Aí, depois de quatro anos sem postar nada, escrevendo só nos papeizinhos das gavetas, guardanapos de pub, mensagens de celular; quatro anos achando que tava sofrendo de branco crônico; quatro anos achando que ia precisar benzer pra voltar a publicar qualquer coisa. Enfim, de repente a gente desiste de entender e descobre - porque normalmente a gente só descobre quando desiste - que a dificuldade nunca esteve em escrever. A dificuldade da pessoa sempre foi ter que se explicar. Esse bom-mocismo atávico de menina mineira que auto-pressiona a gente a se desdobrar em justificativas, desculpas esfarrapadas, álibis, pedidos de perdão e outras tantas churumelas. Ter que se explicar dá muito mais trabalho do que escrever.
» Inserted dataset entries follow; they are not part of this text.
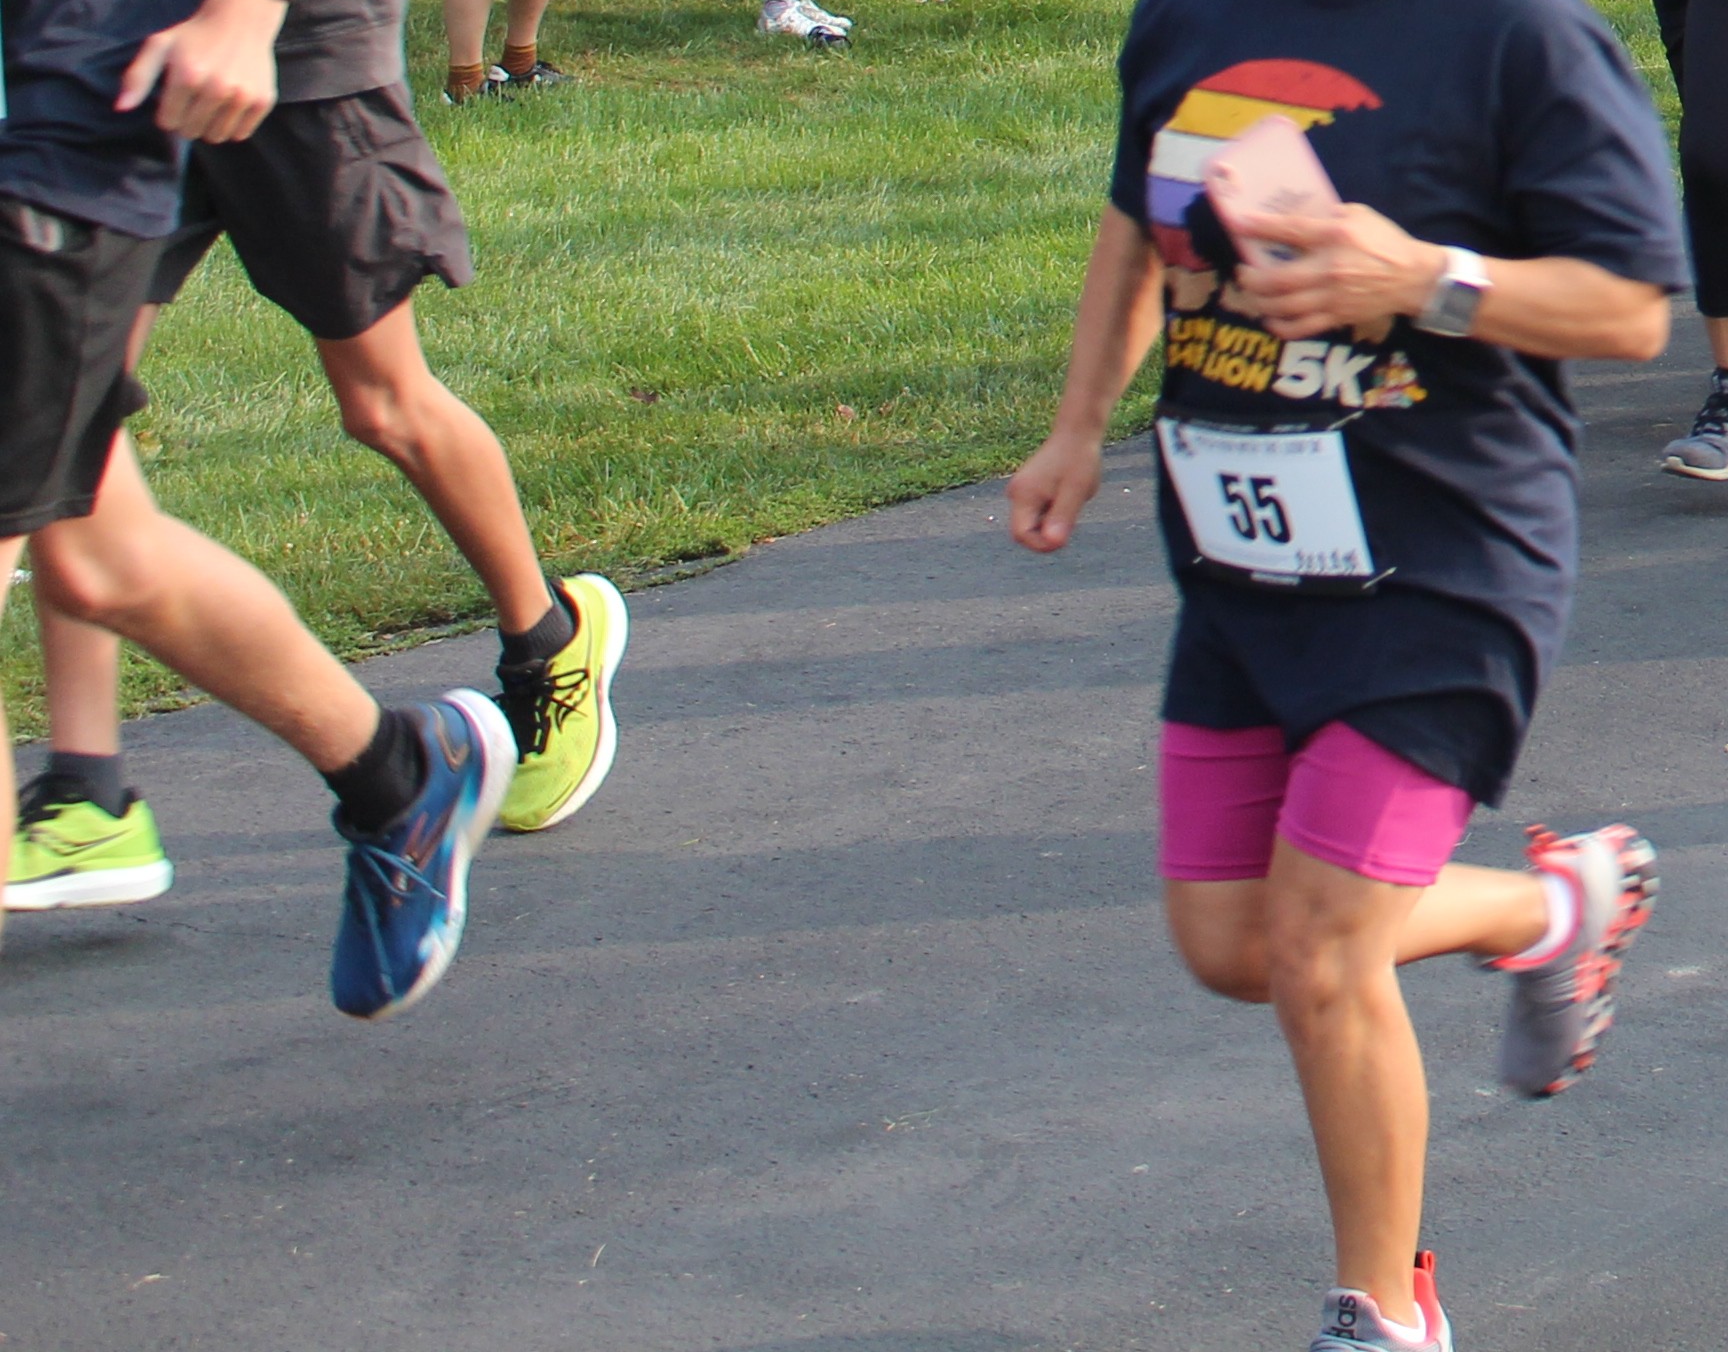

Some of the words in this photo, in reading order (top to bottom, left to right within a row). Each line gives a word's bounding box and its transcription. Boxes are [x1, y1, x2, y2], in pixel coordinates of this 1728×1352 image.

[1202, 350, 1275, 392] LION
[1214, 324, 1280, 362] WITH
[1271, 339, 1377, 409] 5K
[1217, 472, 1292, 544] 55
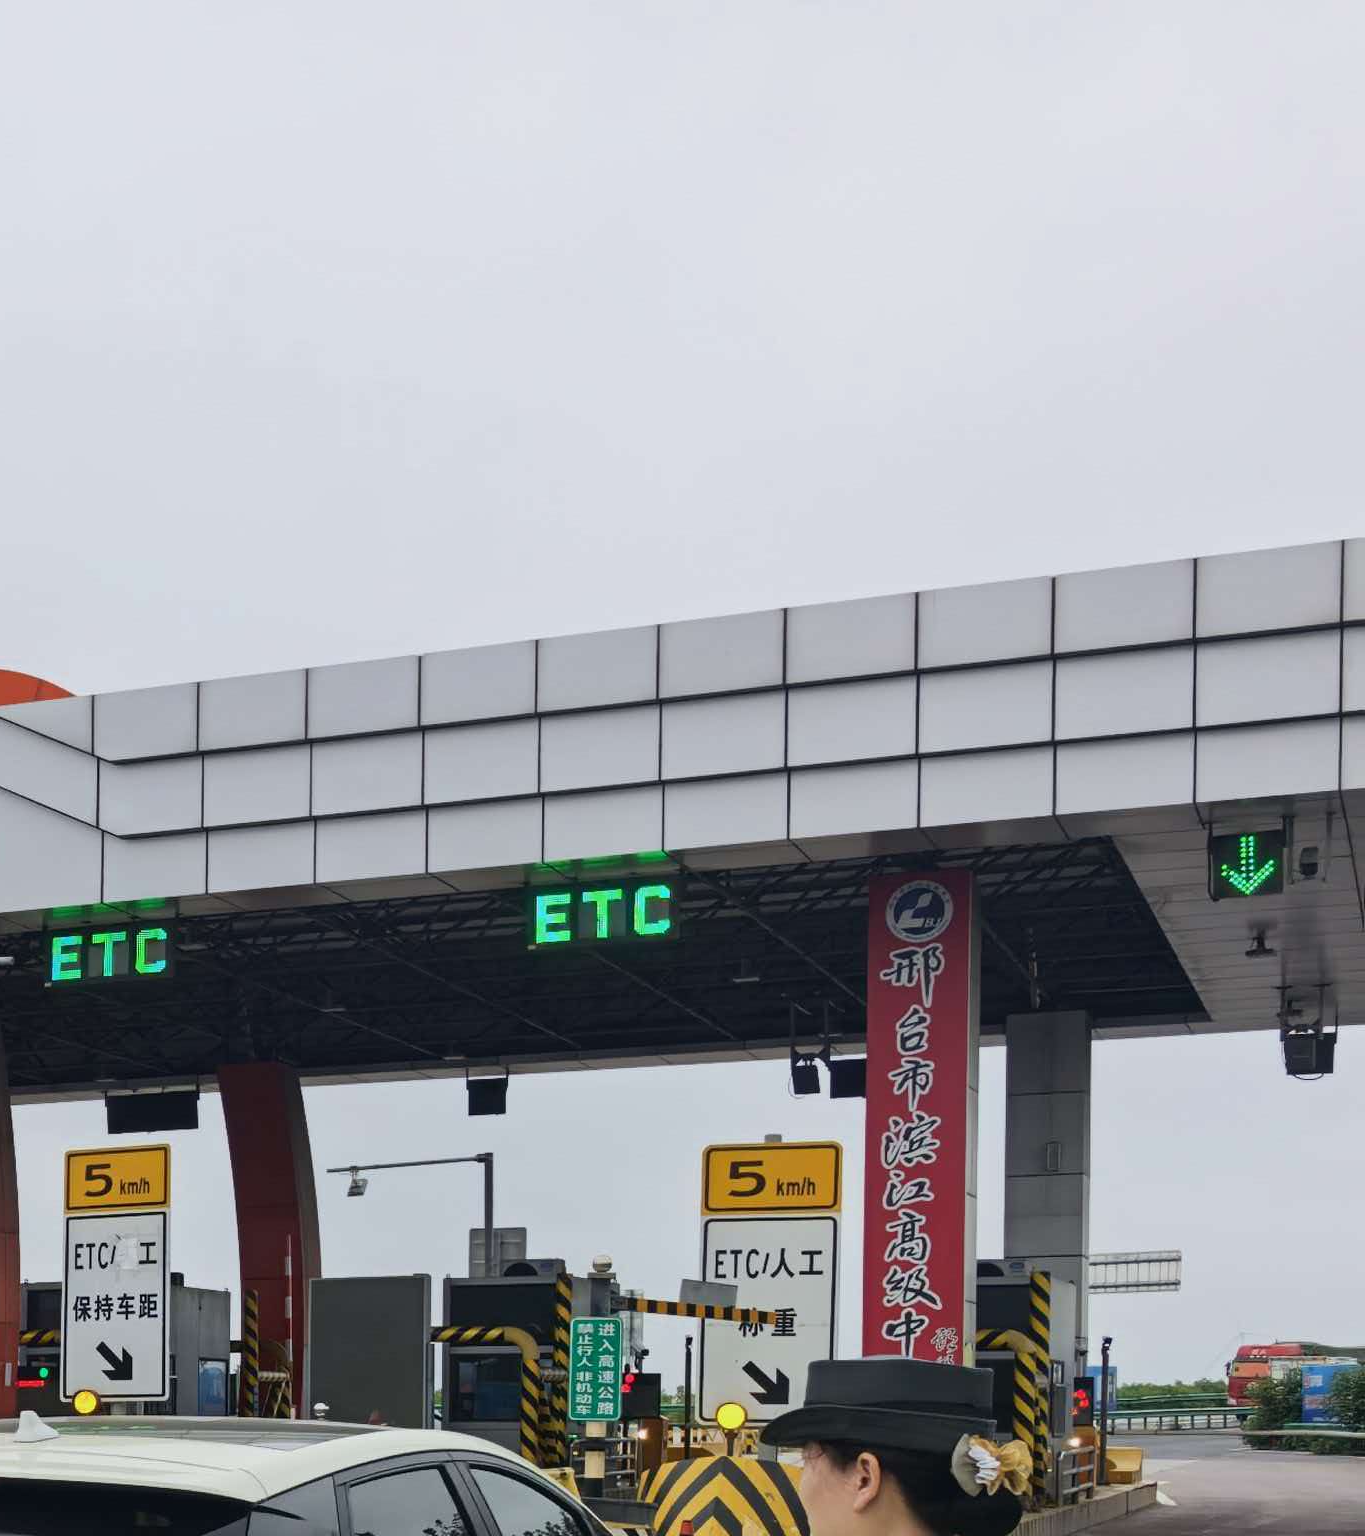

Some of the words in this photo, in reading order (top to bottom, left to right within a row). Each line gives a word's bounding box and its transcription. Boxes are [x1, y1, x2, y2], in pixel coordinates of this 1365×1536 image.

[535, 885, 671, 944] ETC
[51, 927, 167, 981] ETC
[84, 1163, 113, 1197] 5
[119, 1177, 150, 1196] km/h
[727, 1160, 767, 1198] 5
[775, 1177, 816, 1197] km/h
[74, 1240, 157, 1271] ETC/工
[714, 1247, 824, 1279] ETC/人工
[72, 1293, 159, 1322] 保持车距
[597, 1323, 616, 1415] 进入高速公路
[574, 1371, 594, 1415] 非机动车
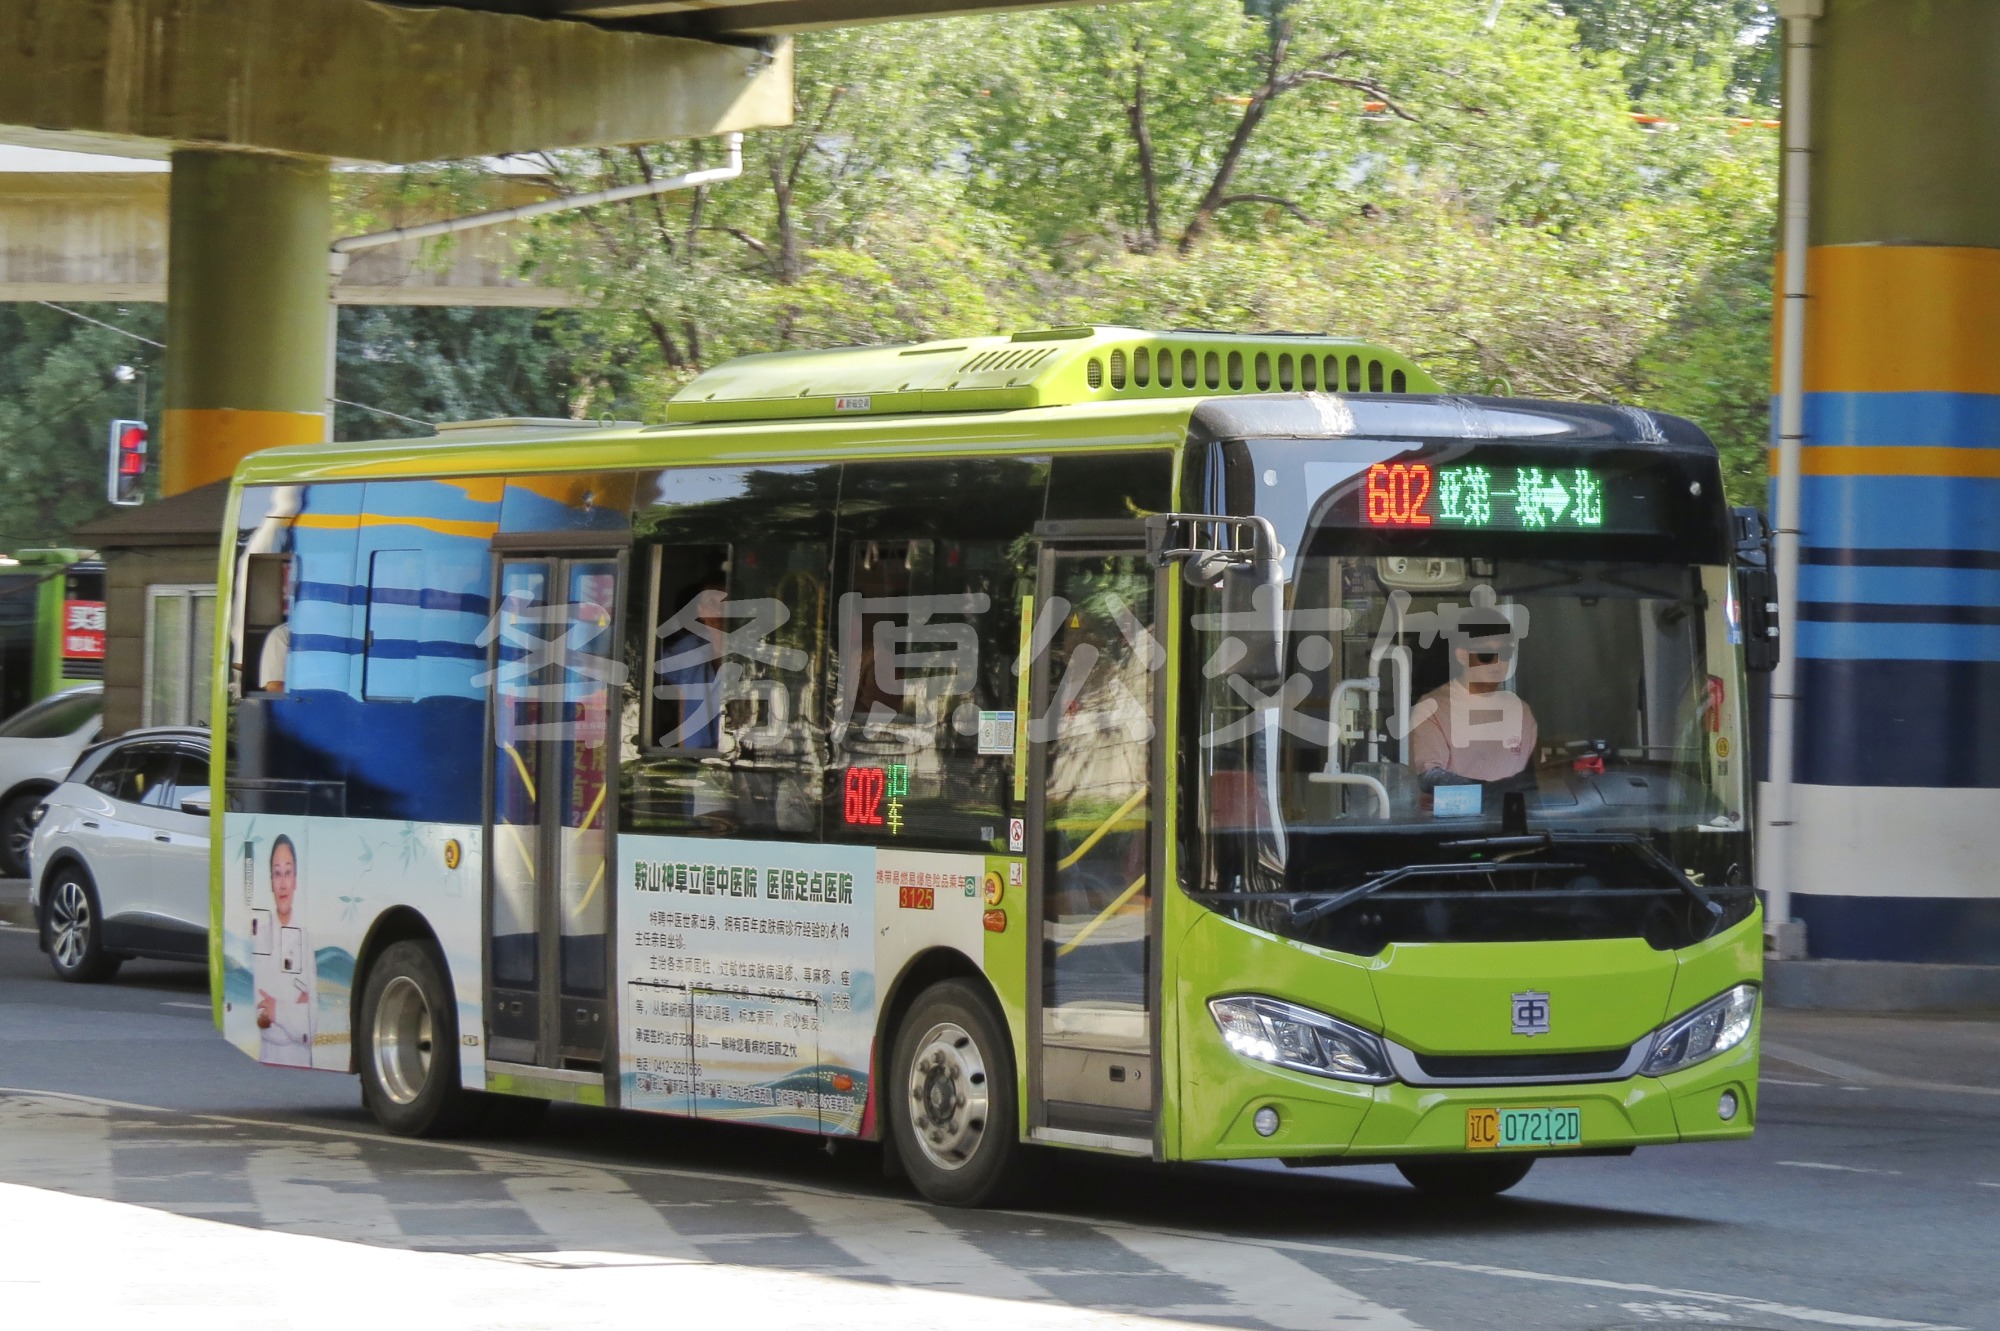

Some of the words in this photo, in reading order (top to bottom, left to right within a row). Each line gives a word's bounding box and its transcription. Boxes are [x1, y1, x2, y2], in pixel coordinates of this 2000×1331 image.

[1368, 463, 1431, 525] 602
[845, 766, 884, 824] 602
[634, 860, 758, 898] 鞍山神草立德中医院
[766, 868, 853, 904] 医保定点医院
[901, 887, 933, 909] 3125
[1470, 1114, 1495, 1142] 辽C
[1505, 1112, 1579, 1141] 07212D
E parafraseando uma grande amiga, dessas raríssimas pra quem nunca achei sentido em me explicar: "Aninha, eu nem tô concorrendo a miss simpatia nem nada." Pois é, ora vejam, nem eu.
*
10 anos desde a primeira vez que me fascinei com o então novíssimo conceito dessa coisa que é um blog. Pirei no tal do blog. Sabia que ia me levar um tempão pra conceber o que tava rolando. Uns falavam em laboratório da escrita, diário virtual era então um termo uau, eu pirei tanto que fui pra Inglaterra com um projecto de doutorado sobre blog embaixo do braço, há no mínimo três encarnações, em 2007. Achava tudo o máximo. O mundo girou e girou e girou freneticamente, de modo que, bem resumidamente, um blog é um tipo bem comum de site, e um site pode ser qualquer coisa ou coisa nenhuma. Esse aqui por exemplo é coisa nenhuma. Minhas anotaçõezinhas aleatórias no mundo. Porque tem quem toque gaita, quem apanhe flores, quem bata bolo, quem pegue a estrada a esmo e há os que escrevam. Gente, mas que alívio é a simplicidade das coisas. Ufa.
*
Desde pequenininha achei que o momento da chegada, principalmente o da chegada de quem volta, aquele momento mesmo dos cumprimentos, olá, como está a vida, e o maldito "conta o que aconteceu", esse sempre foi um momento desconfortável que eu esperava passar logo. O preço mais alto que paga quem vai embora é esse desconforto da chegada, e aliás um grande filtro que separa as pessoas dos pouquíssimos amigos é a ausência desses formalismos. Bom mesmo é quando finalmente se reacostumam à sua ordinária presença, quando voltam a tomar consciência instintiva de que o que aconteceu, em qualquer parte e em qualquer tempo, não é contável. Bom mesmo é quando finalmente te pedem que passe pra cá um pão, faz favor. E quando, entre longos silêncios, ânimos acalmados, volta-se a falar em amenidades.
*
Uma hora da manhã. Calça de pijama de palhaço. Unhas vermelhas pra teclar melhor. Velas, incenso, vinho com coca light. Conexão de internet mais poderosa do cardápio da lojinha. A tela do trabalho versus a tela da procrastinação. O prazer solitário da madrugada. O prazer indescritível de uma boa madrugada. Quer dizer, certamente muita coisa mudou. Mas mais certamente ainda, nada mudou tanto assim.
*
"O bom do caminho é haver volta. Para ida sem vinda basta o tempo."